======== Task data ========

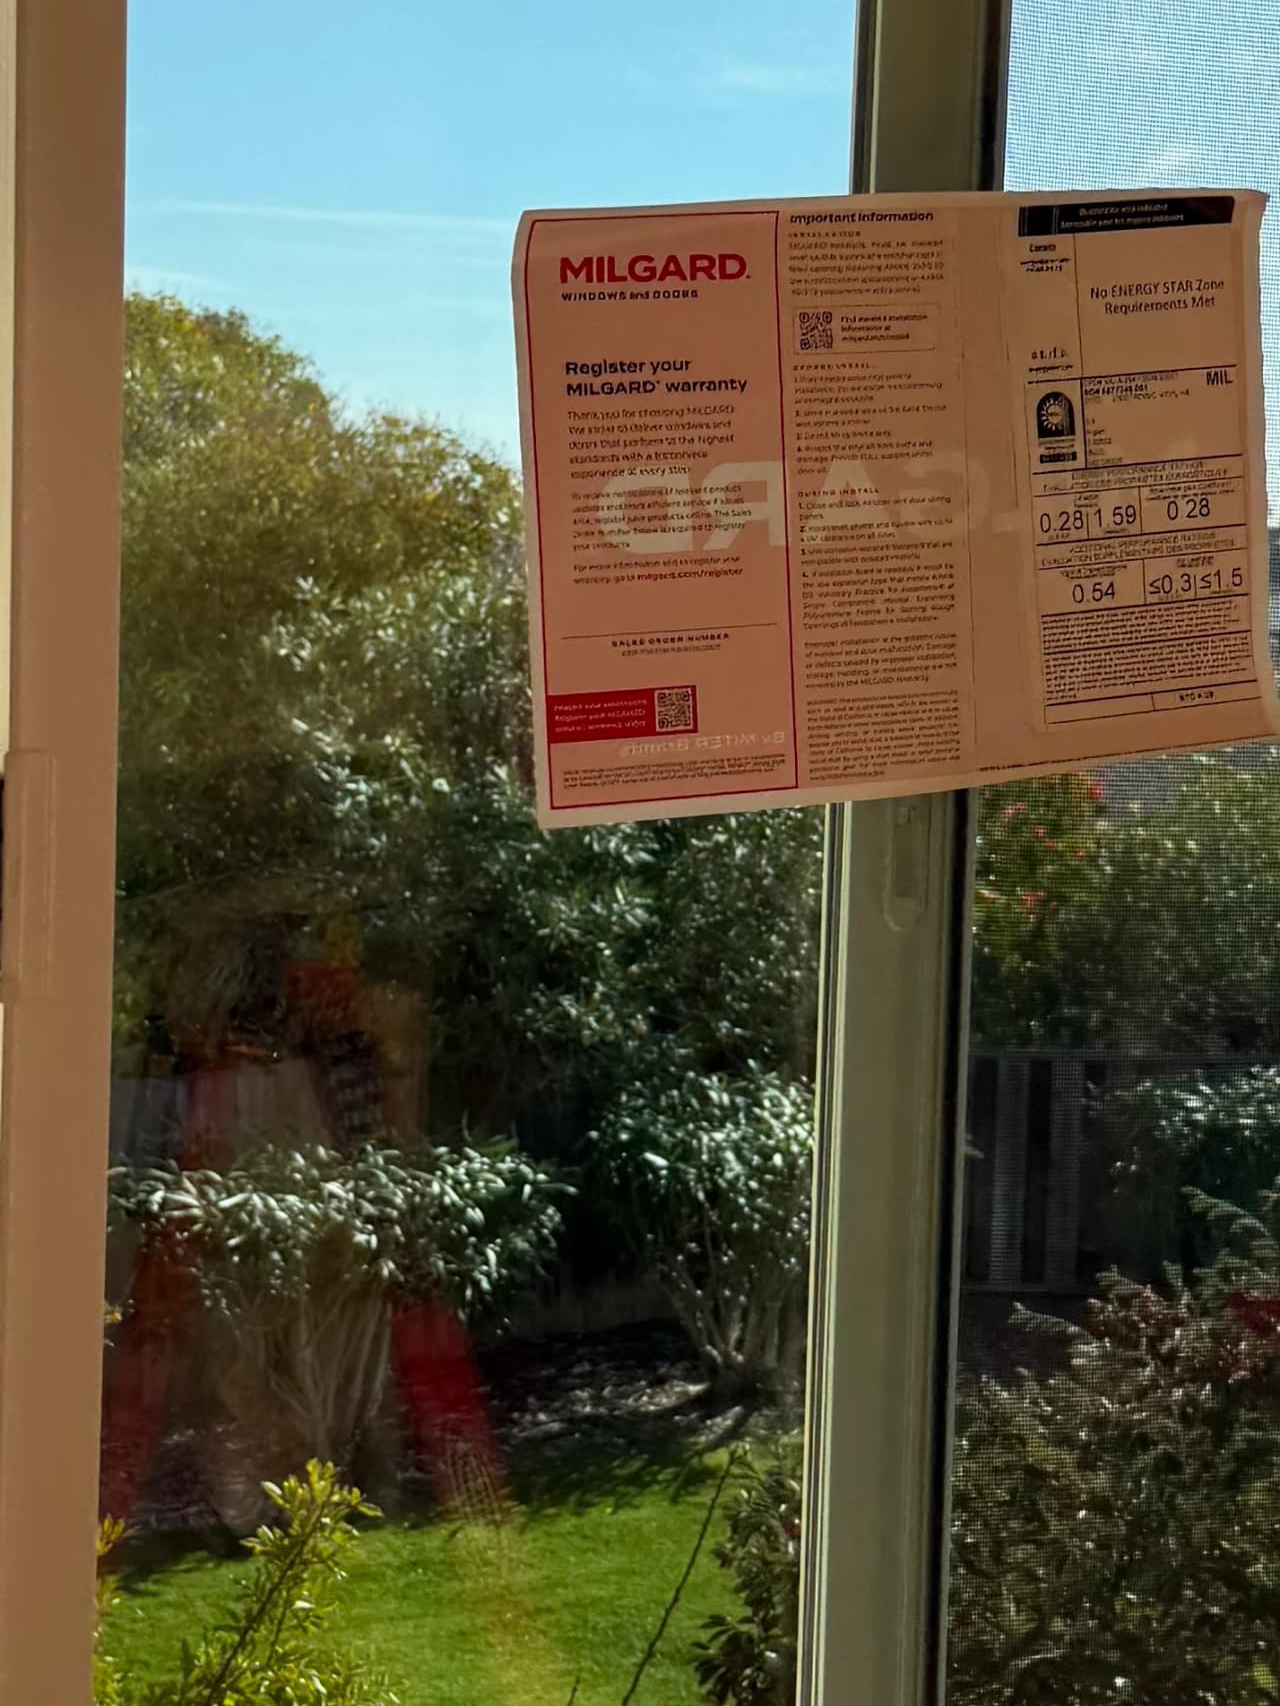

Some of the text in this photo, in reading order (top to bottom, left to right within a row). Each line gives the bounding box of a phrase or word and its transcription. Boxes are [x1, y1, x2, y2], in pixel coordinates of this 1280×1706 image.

[790, 213, 856, 225] Important
[560, 254, 747, 284] MILGARD
[1111, 282, 1159, 298] ENERGY
[1163, 280, 1192, 292] STAR
[1196, 279, 1224, 291] Zone
[1105, 297, 1215, 316] Requirements Met
[565, 359, 691, 377] Register your
[1206, 369, 1233, 386] MIL
[665, 379, 747, 393] warranty
[1166, 497, 1210, 520] 0.28
[1040, 504, 1137, 533] 0.28 1.59
[1072, 581, 1116, 604] 0.54

========

### How to complete this task
Transcribe the listing above in full. Pictures are not part of the copy.

### Expected output
Some of the text in this photo, in reading order (top to bottom, left to right within a row). Each line gives the bounding box of a phrase or word and its transcription. Boxes are [x1, y1, x2, y2], in pixel coordinates of this 1280×1706 image.

[790, 213, 856, 225] Important
[560, 254, 747, 284] MILGARD
[1111, 282, 1159, 298] ENERGY
[1163, 280, 1192, 292] STAR
[1196, 279, 1224, 291] Zone
[1105, 297, 1215, 316] Requirements Met
[565, 359, 691, 377] Register your
[1206, 369, 1233, 386] MIL
[665, 379, 747, 393] warranty
[1166, 497, 1210, 520] 0.28
[1040, 504, 1137, 533] 0.28 1.59
[1072, 581, 1116, 604] 0.54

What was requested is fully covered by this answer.